Triage query (Grafana Explore → Loki) — every short t3 socket in a window:
```logql
{job="devvm-journal", unit="t3-dispatch.service"} |= "ws close"
| regexp `dur_ms=(?P<dur>[0-9]+) cause=(?P<cause>\S+)` | dur < 120000
```
Line the timestamp up against `{job="traefik"}` (duration + edge IP) and
`{job="cloudflared"}` (CF-side close) for the same second to localise the layer.
devvm journald (incl. `t3-serve@<user>`) ships via `scripts/devvm-promtail.*`.
## 2. Server-side log recipe (per-event forensics)
On devvm (timestamps in UTC):
```bash
# dispatch view — error class identifies which side died:
# "context canceled" = front/client side tore down
# "connection reset by peer 127.0.0.1:PORT" = that user's serve closed
# "connection refused" = that user's serve was down
journalctl -u t3-dispatch --since "1 hour ago" | grep "proxy error"
# mass-cancel bursts (many same-second cancels = shared-segment break):
journalctl -u t3-dispatch --since "6 hours ago" \
| grep -oE '^.* [0-9:]+ http: proxy error: context canceled' \
| awk '{print $6}' | sort | uniq -c | awk '$1>=5'
# serve-side starvation markers (git taking >5s = devvm frozen):
journalctl -u t3-serve@<user> --since "6 hours ago" | grep "timed out"
# tunnel-side: cloudflared pod restarts + per-connection events
kubectl -n cloudflared get pods
kubectl -n cloudflared logs <pod> --since=6h | grep -E "ERR|reconnect"
```
## 3. devvm pressure correlation
devvm node_exporter is scraped as job `devvm` (since 2026-06-10). The known
high-frequency drop mechanism is **memory+IO pressure on devvm**: agent
processes live inside `t3-serve@<user>`'s cgroup; a runaway agent swap-thrashes
the spinning root disk and freezes the box in multi-10s windows — every
connected client's watchdog fires at once (2026-06-10: a 10.8G agent → global
OOM → 8.5min hard outage).
```promql
rate(node_pressure_io_stalled_seconds_total{instance="devvm"}[5m])
rate(node_pressure_memory_stalled_seconds_total{instance="devvm"}[5m])
node_memory_SwapFree_bytes{instance="devvm"}
```
Guardrails in place (2026-06-10, hardened 2026-07-02; `scripts/t3-serve@.service`):
per-unit `MemoryMax=16G`, `MemorySwapMax=0`, `OOMPolicy=continue`, and
`MemoryHigh=infinity` — deliberately NO soft throttle band. With swap=0, a hog
plateauing between high and max never OOMs and the kernel high-throttle stalls
the whole unit: a 12.3G agent `ugrep` livelocked t3-serve@wizard for ~50min on
2026-07-02 (signature: probe `t3serve` leg `Connection reset by peer`, dispatch
`proxy error: context canceled`, server D-state in `mem_cgroup_handle_over_high`,
`ss` backlog on the serve port; fix: SIGKILL the hog — the D-state is killable).

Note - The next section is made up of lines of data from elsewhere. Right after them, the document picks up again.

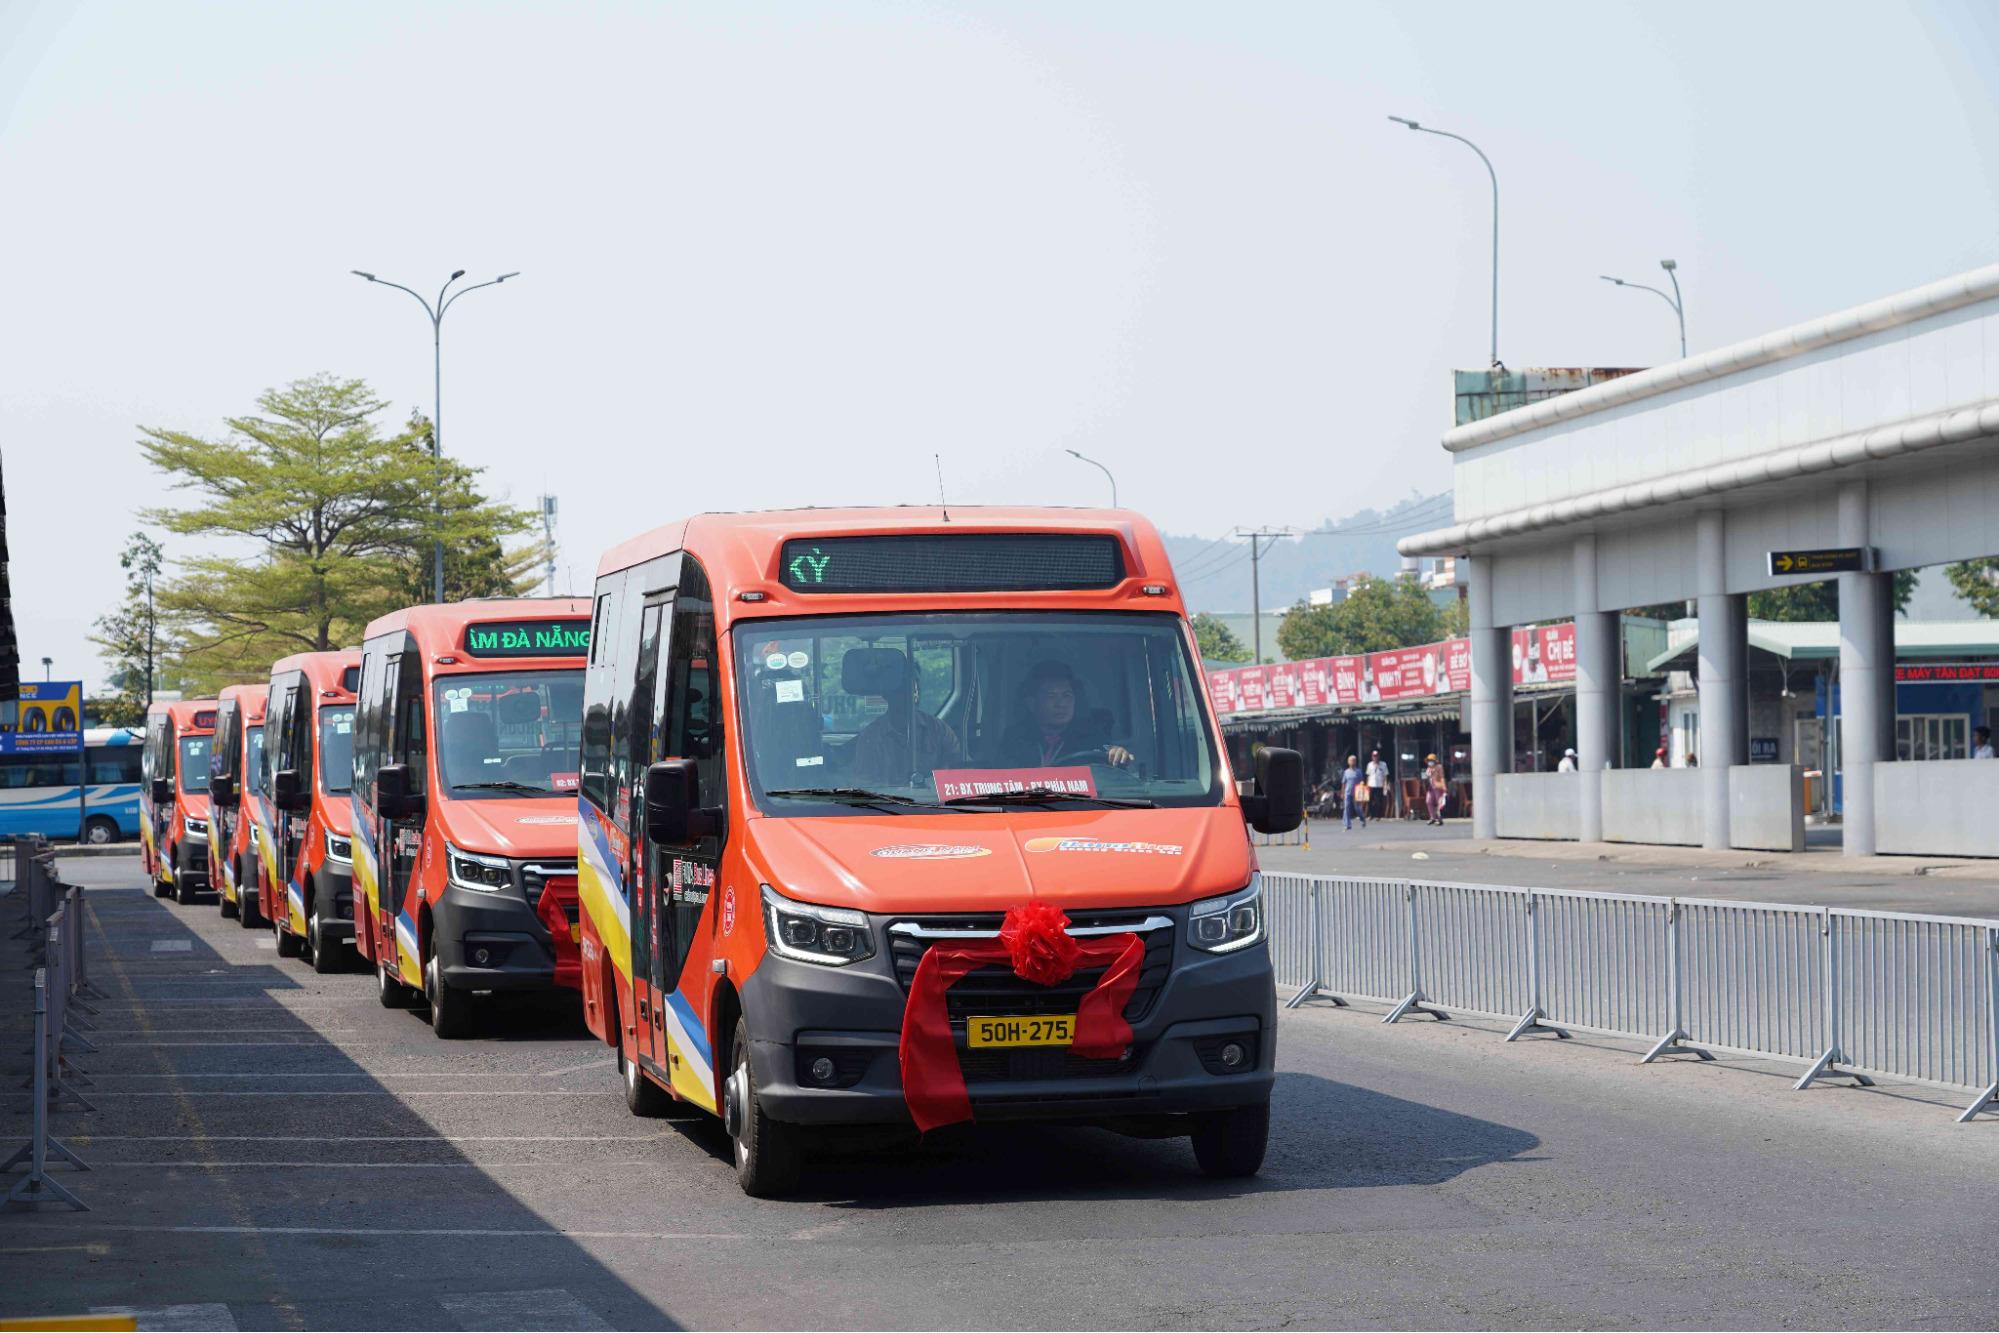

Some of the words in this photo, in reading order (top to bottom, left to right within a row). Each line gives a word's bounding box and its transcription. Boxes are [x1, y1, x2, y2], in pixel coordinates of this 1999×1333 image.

[502, 627, 531, 648] ĐÀ
[944, 783, 959, 797] 21:
[973, 781, 1003, 794] TRUNG
[1003, 779, 1024, 793] TÂM
[1043, 777, 1067, 793] PHÍA
[1068, 779, 1089, 793] NAM

A runaway agent now OOMs alone at 16G inside the cgroup instead of throttling
the WS server with it. Post-mortem addendum:
`docs/post-mortems/2026-06-22-devvm-mem-io-overload-containment.md`.

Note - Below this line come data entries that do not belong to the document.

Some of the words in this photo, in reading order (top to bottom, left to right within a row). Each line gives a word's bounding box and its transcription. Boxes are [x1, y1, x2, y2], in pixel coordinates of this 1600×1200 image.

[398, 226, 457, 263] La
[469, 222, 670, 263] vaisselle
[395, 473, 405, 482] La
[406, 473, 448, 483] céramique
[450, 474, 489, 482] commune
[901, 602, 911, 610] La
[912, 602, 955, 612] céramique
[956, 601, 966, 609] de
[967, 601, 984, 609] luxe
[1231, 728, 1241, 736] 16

## 4. Known root causes (2026-06-10 investigation)
1. **devvm memory/IO storms** (high-frequency mechanism) — §3.
2. **cloudflared in-place autoupdate** — fixed: `--no-autoupdate`
(stacks/cloudflared). Before the fix every CF release exited all 3 pods
(code 11), severing all tunnel WebSockets.
3. **QUIC tunnel churn** (~12/day, "no recent network activity") — inherent;
visible as `cloudflare`-leg-only blips.
4. **t3 nightly autoupdate** — pinned after the 2026-06-09 outage, see
`docs/post-mortems/2026-06-09-t3-nightly-autoupdate-auth-outage.md`.